# [Task directions]
The output must match the entries below exactly, with pictures removed.

(Data shown)

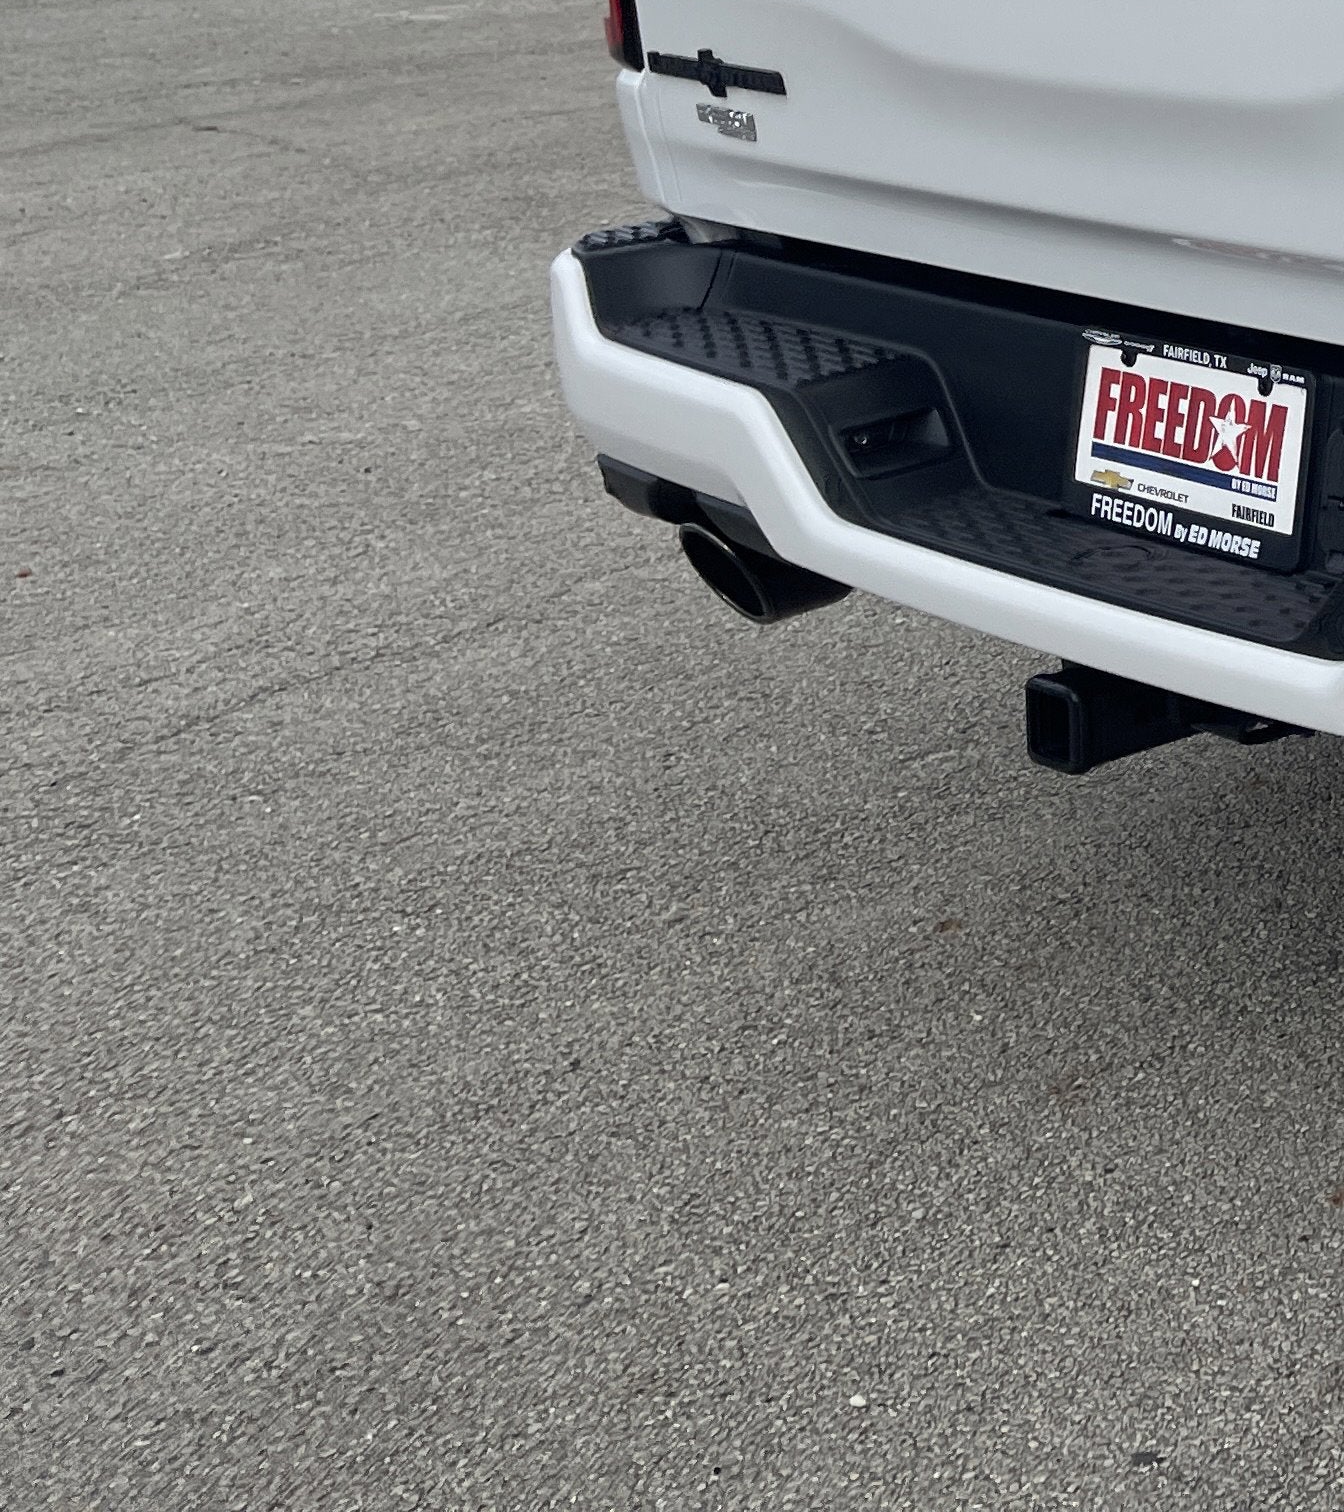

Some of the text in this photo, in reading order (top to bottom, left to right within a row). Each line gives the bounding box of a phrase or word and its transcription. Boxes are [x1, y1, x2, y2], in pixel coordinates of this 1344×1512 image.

[1162, 344, 1213, 369] FAIRFIELD,
[1214, 355, 1228, 368] TX
[1247, 363, 1268, 378] Jeep
[1282, 373, 1305, 384] RAM
[1137, 482, 1190, 504] CHEVROLET
[1231, 478, 1242, 490] BY
[1241, 480, 1252, 493] ED
[1090, 492, 1174, 537] FREEDOM
[1188, 524, 1208, 546] ED
[1208, 529, 1262, 560] MORSE
[1231, 502, 1276, 528] FAIRFIELD
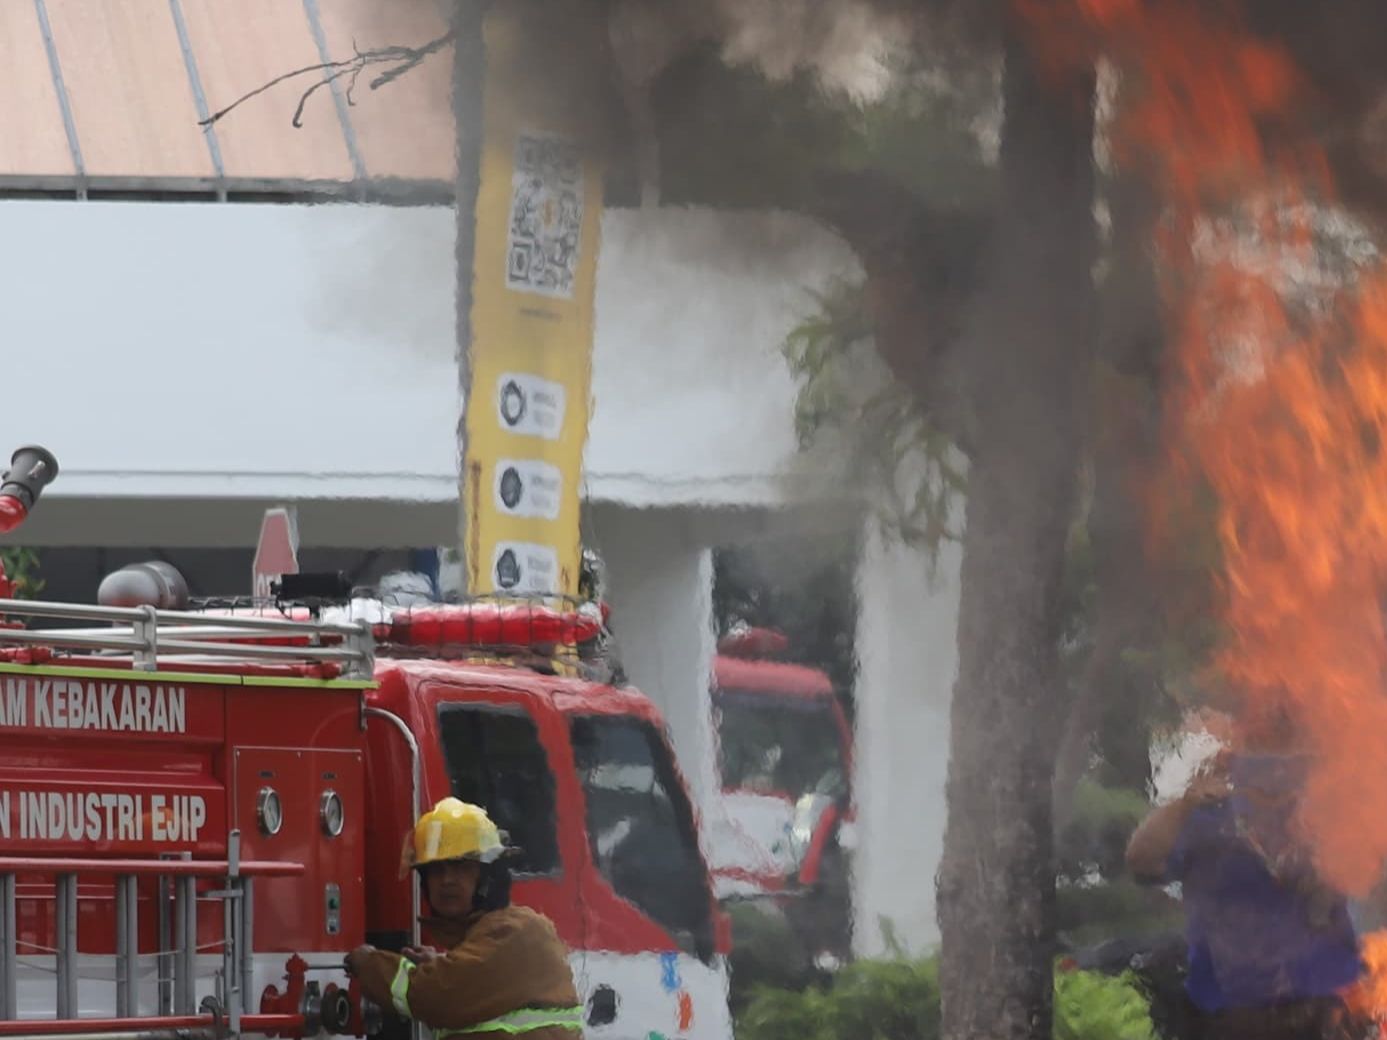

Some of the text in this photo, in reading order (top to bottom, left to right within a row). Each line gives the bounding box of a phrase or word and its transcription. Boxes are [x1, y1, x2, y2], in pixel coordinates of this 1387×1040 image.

[34, 680, 187, 733] KEBAKARAN
[19, 790, 144, 842] INDUSTRI
[151, 794, 207, 842] EJIP
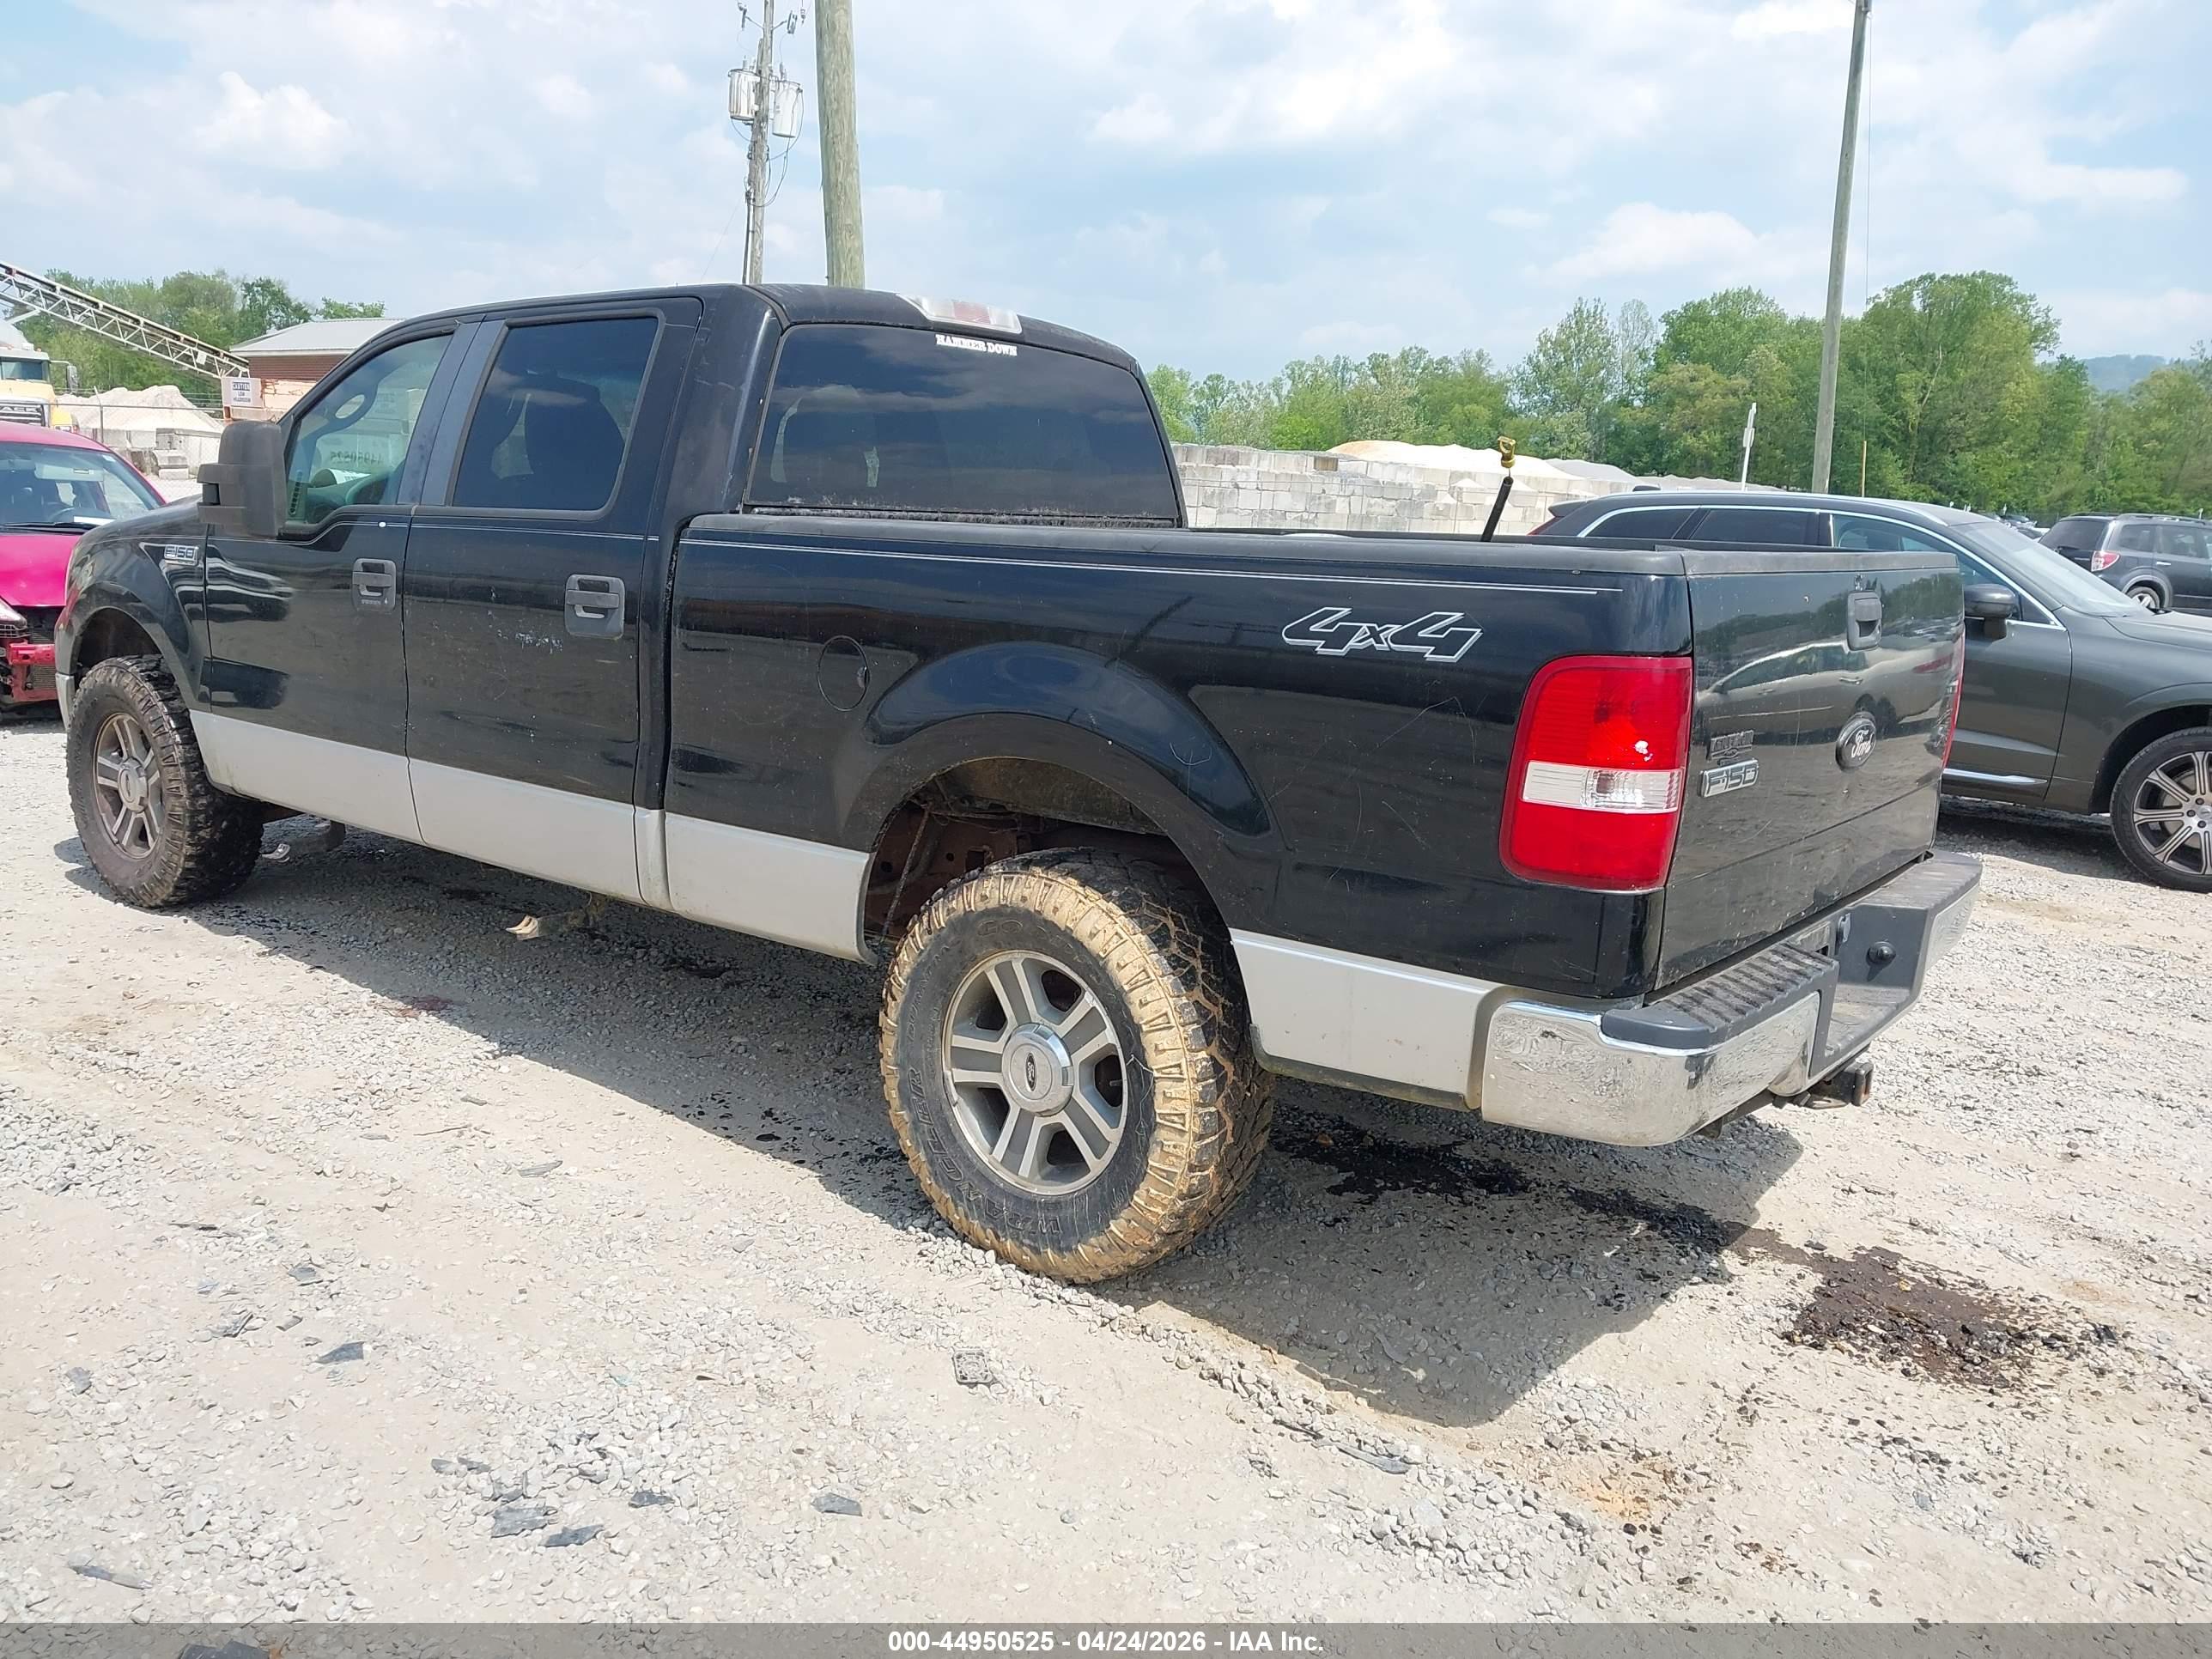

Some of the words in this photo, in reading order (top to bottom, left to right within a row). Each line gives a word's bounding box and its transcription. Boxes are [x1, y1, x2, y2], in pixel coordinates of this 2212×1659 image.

(End Data shown)

# [Response to this exercise]
Some of the text in this photo, in reading order (top to bottom, left to right within a row). Each line gives the bounding box of a phrase or word and its transcription. Boxes are [x1, y1, x2, y2], in pixel coordinates of this 1344×1512 image.

[1162, 344, 1213, 369] FAIRFIELD,
[1214, 355, 1228, 368] TX
[1247, 363, 1268, 378] Jeep
[1282, 373, 1305, 384] RAM
[1137, 482, 1190, 504] CHEVROLET
[1231, 478, 1242, 490] BY
[1241, 480, 1252, 493] ED
[1090, 492, 1174, 537] FREEDOM
[1188, 524, 1208, 546] ED
[1208, 529, 1262, 560] MORSE
[1231, 502, 1276, 528] FAIRFIELD

Some of the text in this photo, in reading order (top to bottom, left to right within a row). Each line gives the bounding box of a phrase or word and its transcription. Boxes are [x1, y1, x2, y2], in pixel coordinates of this 1387×1040 image.

[34, 680, 187, 733] KEBAKARAN
[19, 790, 144, 842] INDUSTRI
[151, 794, 207, 842] EJIP

Some of the words in this photo, in reading order (top to bottom, left to right within a row). Each line gives a word's bounding box and its transcription. Boxes are [x1, y1, x2, y2], in pixel coordinates of this 2212×1659 image.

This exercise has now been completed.